That’s when New Day Church started in Kettering, a suburb of Dayton. On Easter Sunday, the group began having Bible studies in a home. Within three months, they had experienced three or four Sundays in a row with more than 70 people in attendance.

“That’s when we decided to go ahead and see if we could meet at a local hotel, and we did for about 10 weeks. Then we finally moved to the Kettering Rec Center,” Jude said.

The room the church occupies at the rec center will seat a couple hundred, he said, and they’re averaging 100 people on Sundays. What speaks to people, Jude said, is the church’s motto: “A simple church in a complex world.”

“I think with the multiplication of information as technology has developed, there is a great need for simplicity — whether you look at a Google site and see that it has less than 30 words on a link page, or you pick up an iPod and see that it really has just one dial — people enjoy that which is made simple for them,” he said.

So instead of trying to explain the church’s purpose in various vision and mission statements, New Day uses just seven words: “Loving God, loving people, living our mission.”

“We have really emphasized ministry and team concepts, so we don’t have boards or committees,” Jude said. “We have a leadership core team, and if somebody heads up a ministry area, they have a seat at that table. They are my accountability plus they are the rowers of the boat, so to speak. They are the ones heading up all the different ministry groups. There are about 12 to 14 people on that leadership core team.”

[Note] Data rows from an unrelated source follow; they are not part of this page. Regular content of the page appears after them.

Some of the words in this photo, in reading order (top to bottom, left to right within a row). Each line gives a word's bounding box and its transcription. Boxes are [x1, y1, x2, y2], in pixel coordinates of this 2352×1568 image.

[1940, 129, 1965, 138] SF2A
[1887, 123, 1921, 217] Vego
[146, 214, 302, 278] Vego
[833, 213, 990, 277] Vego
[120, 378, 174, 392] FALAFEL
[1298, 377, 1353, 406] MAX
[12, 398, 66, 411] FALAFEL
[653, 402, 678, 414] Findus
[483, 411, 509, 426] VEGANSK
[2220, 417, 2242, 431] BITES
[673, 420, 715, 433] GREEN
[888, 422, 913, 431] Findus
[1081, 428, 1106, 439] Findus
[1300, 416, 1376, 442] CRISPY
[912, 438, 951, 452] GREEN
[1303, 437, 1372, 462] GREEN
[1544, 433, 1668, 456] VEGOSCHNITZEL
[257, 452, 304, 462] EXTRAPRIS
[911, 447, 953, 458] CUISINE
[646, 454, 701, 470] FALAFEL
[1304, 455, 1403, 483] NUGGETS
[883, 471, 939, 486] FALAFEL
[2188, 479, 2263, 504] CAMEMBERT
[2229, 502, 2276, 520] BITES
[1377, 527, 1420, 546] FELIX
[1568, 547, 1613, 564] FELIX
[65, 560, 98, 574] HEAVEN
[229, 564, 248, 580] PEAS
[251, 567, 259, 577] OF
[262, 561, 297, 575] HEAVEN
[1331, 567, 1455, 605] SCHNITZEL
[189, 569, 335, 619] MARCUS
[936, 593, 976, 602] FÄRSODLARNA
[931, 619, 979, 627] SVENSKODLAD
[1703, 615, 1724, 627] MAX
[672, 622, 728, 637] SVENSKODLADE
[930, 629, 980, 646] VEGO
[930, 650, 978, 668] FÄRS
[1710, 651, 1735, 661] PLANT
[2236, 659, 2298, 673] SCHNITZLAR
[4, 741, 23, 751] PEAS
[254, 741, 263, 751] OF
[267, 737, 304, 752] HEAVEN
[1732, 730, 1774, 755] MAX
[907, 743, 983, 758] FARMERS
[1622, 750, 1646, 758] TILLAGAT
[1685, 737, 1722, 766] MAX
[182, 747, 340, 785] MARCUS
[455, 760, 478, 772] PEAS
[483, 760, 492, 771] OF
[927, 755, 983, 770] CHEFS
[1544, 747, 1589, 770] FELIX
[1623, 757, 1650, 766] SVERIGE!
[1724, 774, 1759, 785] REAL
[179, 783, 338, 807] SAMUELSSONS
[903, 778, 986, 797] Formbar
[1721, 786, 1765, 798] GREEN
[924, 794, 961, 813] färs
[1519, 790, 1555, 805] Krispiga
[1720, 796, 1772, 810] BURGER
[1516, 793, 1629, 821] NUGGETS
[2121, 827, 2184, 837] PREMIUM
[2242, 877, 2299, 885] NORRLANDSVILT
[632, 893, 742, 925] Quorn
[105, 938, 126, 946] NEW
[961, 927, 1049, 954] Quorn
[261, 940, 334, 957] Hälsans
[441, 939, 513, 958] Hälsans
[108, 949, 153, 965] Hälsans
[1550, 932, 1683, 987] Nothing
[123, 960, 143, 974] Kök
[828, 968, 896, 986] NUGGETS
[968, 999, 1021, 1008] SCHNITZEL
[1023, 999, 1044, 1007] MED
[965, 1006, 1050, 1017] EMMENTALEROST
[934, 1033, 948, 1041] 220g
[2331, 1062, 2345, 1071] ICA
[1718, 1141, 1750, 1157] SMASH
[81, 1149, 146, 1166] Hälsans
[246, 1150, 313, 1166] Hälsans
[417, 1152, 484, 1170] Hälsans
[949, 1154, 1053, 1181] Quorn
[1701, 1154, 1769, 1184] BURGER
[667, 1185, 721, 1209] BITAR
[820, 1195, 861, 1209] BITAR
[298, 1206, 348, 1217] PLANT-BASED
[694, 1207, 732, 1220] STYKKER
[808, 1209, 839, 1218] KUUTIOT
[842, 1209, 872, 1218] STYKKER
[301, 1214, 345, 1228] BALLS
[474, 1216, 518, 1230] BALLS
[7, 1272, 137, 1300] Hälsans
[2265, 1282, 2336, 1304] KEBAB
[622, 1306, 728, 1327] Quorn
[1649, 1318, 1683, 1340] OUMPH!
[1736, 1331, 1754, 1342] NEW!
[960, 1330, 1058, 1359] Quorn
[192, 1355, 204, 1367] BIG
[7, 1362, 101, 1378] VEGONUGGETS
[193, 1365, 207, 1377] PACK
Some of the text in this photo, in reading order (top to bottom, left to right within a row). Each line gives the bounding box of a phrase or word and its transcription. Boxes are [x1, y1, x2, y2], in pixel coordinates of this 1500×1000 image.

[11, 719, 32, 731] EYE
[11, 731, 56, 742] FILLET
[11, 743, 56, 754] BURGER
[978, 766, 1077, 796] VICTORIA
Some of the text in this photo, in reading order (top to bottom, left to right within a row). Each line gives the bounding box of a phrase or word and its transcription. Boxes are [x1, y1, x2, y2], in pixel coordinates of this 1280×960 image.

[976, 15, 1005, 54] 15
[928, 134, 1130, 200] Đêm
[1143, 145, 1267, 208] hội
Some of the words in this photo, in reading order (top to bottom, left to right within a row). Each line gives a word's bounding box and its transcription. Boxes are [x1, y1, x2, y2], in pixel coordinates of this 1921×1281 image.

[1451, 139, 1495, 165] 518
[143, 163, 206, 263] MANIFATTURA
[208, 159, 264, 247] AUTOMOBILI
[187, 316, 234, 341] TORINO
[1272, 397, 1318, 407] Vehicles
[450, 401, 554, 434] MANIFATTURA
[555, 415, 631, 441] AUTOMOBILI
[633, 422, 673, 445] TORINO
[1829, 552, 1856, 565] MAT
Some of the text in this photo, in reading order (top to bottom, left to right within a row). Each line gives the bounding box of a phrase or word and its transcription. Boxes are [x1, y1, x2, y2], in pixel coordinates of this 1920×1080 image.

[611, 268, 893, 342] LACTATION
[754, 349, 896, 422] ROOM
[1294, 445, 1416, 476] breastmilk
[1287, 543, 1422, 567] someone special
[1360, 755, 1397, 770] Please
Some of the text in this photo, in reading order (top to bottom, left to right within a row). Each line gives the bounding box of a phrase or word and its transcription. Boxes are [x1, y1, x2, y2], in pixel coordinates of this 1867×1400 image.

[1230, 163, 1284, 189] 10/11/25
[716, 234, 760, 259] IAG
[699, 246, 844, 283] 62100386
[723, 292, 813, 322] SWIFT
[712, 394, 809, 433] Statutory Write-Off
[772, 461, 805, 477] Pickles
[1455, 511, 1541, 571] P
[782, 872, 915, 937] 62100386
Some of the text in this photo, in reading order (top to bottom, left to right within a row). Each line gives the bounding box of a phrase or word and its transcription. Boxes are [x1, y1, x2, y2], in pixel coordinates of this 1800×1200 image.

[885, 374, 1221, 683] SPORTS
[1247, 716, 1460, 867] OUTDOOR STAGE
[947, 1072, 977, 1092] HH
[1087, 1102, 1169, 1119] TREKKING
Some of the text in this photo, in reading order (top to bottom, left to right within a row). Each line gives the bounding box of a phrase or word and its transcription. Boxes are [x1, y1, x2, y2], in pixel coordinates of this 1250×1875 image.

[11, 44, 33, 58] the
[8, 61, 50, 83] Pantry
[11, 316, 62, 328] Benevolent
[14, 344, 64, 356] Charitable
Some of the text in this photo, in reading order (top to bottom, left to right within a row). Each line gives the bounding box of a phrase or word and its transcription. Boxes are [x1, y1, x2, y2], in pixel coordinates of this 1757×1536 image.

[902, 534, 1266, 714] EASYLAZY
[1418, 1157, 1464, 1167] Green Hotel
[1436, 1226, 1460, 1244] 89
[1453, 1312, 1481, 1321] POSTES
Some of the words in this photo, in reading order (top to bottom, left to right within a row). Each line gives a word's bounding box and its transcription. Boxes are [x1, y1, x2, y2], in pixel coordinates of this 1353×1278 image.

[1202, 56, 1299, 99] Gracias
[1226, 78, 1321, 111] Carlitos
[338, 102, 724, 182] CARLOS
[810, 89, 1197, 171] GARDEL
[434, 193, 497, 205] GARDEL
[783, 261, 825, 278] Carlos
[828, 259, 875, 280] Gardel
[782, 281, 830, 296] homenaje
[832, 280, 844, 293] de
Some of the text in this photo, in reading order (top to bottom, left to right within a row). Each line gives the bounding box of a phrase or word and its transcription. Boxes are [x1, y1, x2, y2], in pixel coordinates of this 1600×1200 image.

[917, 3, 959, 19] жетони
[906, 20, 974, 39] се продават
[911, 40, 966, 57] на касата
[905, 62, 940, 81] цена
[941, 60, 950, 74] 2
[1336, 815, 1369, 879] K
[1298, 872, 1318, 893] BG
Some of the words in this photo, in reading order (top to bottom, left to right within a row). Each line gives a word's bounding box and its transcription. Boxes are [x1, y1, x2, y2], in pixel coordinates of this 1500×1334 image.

Because they don’t have a building of their own, New Day is forced to streamline their meeting schedule. They have one service on Sunday mornings and then meet in five or six homes on Wednesday nights in small groups.

“When you join New Day Church, you’re required to serve, period. Service is not an issue. If they join the church, they have to be a part of serving somewhere in the congregation. It’s a membership requirement,” Jude said.

“They also have to be willing to support the church financially. We don’t spell it out as a tithe, but it’s just that they would contribute on a regular basis to the church,” he said. “We also ask that they would be committed to unity and that they would practice love in all that they do. Those are the four commitments we ask of everybody that actually becomes a member.”

Since Easter, more than 30 people have professed faith in Christ at the church. In August, the congregation rented the entire rec center, which is a park that holds 1,500 to 2,000 people, and hosted an outreach event aimed at a couple of local football teams.

“It is a tremendous complex, and they have a full-scale water park there with slides and all kinds of kiddie activities and a wade pool,” Jude said. “We have some football coaches in our church, and we invited them to come and have a night of pizza and swimming on us.”

About 150 students showed up that night, and the church used the opportunity to baptize three people who previously had made professions of faith. The Gospel was presented, and the unchurched students were able to watch the baptisms. Some of them responded to the invitation to follow Christ and were scheduled to be baptized later.

“We’ve had a lot of outreach to high school students with special events. That’s been neat to see,” Jude said. “We had a football coach who just this past Wednesday was called on to pray, and that was the first time he’d ever prayed out loud in his life. He’s over 40 years old.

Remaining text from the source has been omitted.